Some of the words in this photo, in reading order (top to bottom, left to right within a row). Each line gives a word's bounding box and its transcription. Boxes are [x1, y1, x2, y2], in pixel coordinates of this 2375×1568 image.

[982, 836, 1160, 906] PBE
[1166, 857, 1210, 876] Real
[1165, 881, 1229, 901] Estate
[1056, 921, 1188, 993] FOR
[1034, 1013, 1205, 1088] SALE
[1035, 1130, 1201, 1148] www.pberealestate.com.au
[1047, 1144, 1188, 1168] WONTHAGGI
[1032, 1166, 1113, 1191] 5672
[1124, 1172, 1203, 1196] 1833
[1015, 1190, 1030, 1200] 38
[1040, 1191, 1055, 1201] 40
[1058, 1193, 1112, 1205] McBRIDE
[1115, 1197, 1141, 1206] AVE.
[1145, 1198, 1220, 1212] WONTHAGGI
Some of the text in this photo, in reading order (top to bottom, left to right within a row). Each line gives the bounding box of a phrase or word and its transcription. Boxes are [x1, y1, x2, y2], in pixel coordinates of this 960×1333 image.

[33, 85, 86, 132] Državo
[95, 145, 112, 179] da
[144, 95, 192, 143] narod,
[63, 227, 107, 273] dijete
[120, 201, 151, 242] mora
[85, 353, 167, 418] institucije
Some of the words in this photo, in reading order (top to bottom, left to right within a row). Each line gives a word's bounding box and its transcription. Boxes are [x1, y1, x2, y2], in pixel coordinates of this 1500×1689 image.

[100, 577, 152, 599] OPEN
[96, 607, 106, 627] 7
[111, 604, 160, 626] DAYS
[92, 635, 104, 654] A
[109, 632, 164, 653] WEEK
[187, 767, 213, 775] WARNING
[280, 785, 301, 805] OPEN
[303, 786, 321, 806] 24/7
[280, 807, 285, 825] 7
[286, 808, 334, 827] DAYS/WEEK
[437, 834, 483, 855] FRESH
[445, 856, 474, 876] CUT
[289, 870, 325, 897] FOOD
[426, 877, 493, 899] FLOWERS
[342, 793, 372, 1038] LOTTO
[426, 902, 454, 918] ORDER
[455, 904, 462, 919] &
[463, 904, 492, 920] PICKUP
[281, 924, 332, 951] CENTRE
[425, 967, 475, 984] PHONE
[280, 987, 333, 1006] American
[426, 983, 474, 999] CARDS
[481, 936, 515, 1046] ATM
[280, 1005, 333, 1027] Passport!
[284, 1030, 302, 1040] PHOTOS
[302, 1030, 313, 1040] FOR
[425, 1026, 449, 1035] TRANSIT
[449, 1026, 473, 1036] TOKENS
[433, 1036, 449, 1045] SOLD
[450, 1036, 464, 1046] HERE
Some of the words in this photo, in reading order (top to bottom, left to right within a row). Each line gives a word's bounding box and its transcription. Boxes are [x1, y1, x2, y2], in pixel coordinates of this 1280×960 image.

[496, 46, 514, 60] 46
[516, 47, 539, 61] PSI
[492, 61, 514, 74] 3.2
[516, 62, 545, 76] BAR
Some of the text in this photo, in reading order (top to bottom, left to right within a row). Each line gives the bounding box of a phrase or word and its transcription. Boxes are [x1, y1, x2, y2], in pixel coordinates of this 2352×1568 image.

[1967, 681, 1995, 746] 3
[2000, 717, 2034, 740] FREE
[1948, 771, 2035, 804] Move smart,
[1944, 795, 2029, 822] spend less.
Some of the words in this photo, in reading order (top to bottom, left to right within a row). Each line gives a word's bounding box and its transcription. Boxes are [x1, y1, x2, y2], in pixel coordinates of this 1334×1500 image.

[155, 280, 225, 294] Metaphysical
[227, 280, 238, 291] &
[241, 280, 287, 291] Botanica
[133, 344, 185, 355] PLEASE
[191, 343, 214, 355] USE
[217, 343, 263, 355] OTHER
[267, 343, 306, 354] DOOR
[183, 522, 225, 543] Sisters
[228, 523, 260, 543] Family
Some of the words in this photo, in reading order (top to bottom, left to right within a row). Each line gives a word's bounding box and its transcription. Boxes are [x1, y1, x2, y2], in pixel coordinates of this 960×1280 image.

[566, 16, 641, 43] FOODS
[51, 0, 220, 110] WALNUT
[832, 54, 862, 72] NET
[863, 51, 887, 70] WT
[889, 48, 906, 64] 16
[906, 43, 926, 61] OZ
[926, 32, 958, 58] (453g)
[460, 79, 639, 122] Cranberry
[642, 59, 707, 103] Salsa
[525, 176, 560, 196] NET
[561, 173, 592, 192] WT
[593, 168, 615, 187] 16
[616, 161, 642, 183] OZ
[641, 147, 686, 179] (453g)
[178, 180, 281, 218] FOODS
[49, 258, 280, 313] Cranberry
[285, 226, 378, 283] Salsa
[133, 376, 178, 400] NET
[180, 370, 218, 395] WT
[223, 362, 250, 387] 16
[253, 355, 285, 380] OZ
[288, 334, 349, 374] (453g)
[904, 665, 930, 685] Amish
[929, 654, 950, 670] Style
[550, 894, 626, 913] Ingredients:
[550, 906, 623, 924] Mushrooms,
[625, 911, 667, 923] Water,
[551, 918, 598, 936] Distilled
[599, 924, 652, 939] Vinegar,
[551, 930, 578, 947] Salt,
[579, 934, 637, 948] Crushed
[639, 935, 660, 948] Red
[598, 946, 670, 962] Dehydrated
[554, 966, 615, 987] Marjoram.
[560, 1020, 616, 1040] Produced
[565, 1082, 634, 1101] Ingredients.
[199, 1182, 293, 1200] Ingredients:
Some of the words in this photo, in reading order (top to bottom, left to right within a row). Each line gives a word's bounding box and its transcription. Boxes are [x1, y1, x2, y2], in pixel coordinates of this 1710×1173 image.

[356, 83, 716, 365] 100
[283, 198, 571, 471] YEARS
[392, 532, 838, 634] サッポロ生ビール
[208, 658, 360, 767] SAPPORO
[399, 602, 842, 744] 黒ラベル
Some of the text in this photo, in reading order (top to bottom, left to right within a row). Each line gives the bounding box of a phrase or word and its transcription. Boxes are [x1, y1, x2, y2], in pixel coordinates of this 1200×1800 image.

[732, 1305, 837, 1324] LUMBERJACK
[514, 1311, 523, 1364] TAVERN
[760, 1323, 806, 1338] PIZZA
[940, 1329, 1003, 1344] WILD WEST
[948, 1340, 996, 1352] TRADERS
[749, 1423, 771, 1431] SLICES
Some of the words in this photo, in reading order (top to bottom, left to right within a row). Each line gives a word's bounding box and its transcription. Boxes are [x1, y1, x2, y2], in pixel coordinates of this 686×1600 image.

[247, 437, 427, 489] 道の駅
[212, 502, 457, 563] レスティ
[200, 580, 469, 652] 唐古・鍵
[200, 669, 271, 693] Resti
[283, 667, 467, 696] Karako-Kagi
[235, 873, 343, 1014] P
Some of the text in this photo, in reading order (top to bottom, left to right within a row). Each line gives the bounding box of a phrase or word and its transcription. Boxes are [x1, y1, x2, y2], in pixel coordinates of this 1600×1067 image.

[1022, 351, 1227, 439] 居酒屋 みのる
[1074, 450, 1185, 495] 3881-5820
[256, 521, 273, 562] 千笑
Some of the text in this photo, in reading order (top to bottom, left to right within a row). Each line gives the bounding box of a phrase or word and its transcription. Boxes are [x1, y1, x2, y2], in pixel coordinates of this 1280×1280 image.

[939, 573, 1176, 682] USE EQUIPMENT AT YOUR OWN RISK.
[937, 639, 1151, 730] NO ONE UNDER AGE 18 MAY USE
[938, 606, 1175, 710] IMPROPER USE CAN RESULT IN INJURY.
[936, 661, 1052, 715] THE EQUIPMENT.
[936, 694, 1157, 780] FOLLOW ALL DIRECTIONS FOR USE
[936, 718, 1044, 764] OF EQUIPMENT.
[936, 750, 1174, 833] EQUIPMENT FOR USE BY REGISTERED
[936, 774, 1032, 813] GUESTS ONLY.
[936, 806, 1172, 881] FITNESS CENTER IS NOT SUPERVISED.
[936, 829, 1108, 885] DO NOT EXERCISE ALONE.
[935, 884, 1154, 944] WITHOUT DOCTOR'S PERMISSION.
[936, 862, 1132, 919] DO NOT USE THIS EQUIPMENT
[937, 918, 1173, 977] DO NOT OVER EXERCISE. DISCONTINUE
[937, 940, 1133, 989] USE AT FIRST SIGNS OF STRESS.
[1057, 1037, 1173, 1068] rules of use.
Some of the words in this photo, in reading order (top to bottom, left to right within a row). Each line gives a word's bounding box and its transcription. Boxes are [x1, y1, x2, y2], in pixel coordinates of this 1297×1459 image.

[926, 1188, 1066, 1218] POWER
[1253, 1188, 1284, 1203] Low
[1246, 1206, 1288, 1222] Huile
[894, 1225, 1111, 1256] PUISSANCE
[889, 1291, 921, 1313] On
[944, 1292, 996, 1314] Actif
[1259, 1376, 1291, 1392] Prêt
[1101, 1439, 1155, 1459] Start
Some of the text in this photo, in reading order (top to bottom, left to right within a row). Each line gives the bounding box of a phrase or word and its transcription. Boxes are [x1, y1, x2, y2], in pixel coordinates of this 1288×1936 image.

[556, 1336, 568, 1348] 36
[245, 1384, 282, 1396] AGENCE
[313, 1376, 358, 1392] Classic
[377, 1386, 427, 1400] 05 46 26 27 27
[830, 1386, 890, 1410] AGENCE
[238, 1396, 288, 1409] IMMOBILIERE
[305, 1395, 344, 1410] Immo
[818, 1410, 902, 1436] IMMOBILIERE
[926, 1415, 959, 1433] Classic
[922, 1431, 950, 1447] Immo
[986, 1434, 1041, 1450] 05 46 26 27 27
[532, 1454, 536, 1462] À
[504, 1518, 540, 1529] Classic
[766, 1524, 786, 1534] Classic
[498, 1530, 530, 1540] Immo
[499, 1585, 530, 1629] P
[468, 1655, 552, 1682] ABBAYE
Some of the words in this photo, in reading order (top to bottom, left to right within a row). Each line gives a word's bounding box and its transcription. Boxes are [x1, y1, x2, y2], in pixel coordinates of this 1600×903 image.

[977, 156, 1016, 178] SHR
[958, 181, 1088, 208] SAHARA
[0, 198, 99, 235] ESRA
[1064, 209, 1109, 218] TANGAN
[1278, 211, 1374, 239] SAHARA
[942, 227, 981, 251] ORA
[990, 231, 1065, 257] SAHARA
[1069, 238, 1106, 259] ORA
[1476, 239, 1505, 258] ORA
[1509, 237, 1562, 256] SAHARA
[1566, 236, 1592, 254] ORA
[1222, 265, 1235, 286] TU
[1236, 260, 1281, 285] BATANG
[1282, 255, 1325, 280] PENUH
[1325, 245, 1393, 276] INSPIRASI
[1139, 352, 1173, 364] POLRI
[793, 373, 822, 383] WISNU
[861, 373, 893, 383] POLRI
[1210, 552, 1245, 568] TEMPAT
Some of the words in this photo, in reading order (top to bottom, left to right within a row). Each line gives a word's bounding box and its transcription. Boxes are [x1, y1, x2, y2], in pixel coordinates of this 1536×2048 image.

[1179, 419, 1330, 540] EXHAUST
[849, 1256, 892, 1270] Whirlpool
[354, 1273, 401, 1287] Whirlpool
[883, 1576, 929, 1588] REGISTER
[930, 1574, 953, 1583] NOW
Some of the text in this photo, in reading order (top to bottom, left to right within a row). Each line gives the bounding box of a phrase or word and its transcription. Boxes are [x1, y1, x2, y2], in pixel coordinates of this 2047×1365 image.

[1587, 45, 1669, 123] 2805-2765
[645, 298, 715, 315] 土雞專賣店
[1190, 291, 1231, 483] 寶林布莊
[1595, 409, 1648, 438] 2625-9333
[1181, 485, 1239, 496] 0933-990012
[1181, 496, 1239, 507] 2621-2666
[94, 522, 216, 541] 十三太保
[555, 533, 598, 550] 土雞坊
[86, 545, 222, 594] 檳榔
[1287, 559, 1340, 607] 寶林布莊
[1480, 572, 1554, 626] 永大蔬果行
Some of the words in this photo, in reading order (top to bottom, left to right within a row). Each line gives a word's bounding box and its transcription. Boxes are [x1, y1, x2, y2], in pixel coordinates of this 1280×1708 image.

━━━━━━━━━━━━━━━━━━━━━━━━━━━━━━

Your task is to return, exactly and on their own, the lines from the one containing "this 1536×2048 image." through the last line of the listing.

◆ EXERCISE OUTPUT
Some of the words in this photo, in reading order (top to bottom, left to right within a row). Each line gives a word's bounding box and its transcription. Boxes are [x1, y1, x2, y2], in pixel coordinates of this 1536×2048 image.

[1179, 419, 1330, 540] EXHAUST
[849, 1256, 892, 1270] Whirlpool
[354, 1273, 401, 1287] Whirlpool
[883, 1576, 929, 1588] REGISTER
[930, 1574, 953, 1583] NOW
Some of the text in this photo, in reading order (top to bottom, left to right within a row). Each line gives the bounding box of a phrase or word and its transcription. Boxes are [x1, y1, x2, y2], in pixel coordinates of this 2047×1365 image.

[1587, 45, 1669, 123] 2805-2765
[645, 298, 715, 315] 土雞專賣店
[1190, 291, 1231, 483] 寶林布莊
[1595, 409, 1648, 438] 2625-9333
[1181, 485, 1239, 496] 0933-990012
[1181, 496, 1239, 507] 2621-2666
[94, 522, 216, 541] 十三太保
[555, 533, 598, 550] 土雞坊
[86, 545, 222, 594] 檳榔
[1287, 559, 1340, 607] 寶林布莊
[1480, 572, 1554, 626] 永大蔬果行
Some of the words in this photo, in reading order (top to bottom, left to right within a row). Each line gives a word's bounding box and its transcription. Boxes are [x1, y1, x2, y2], in pixel coordinates of this 1280×1708 image.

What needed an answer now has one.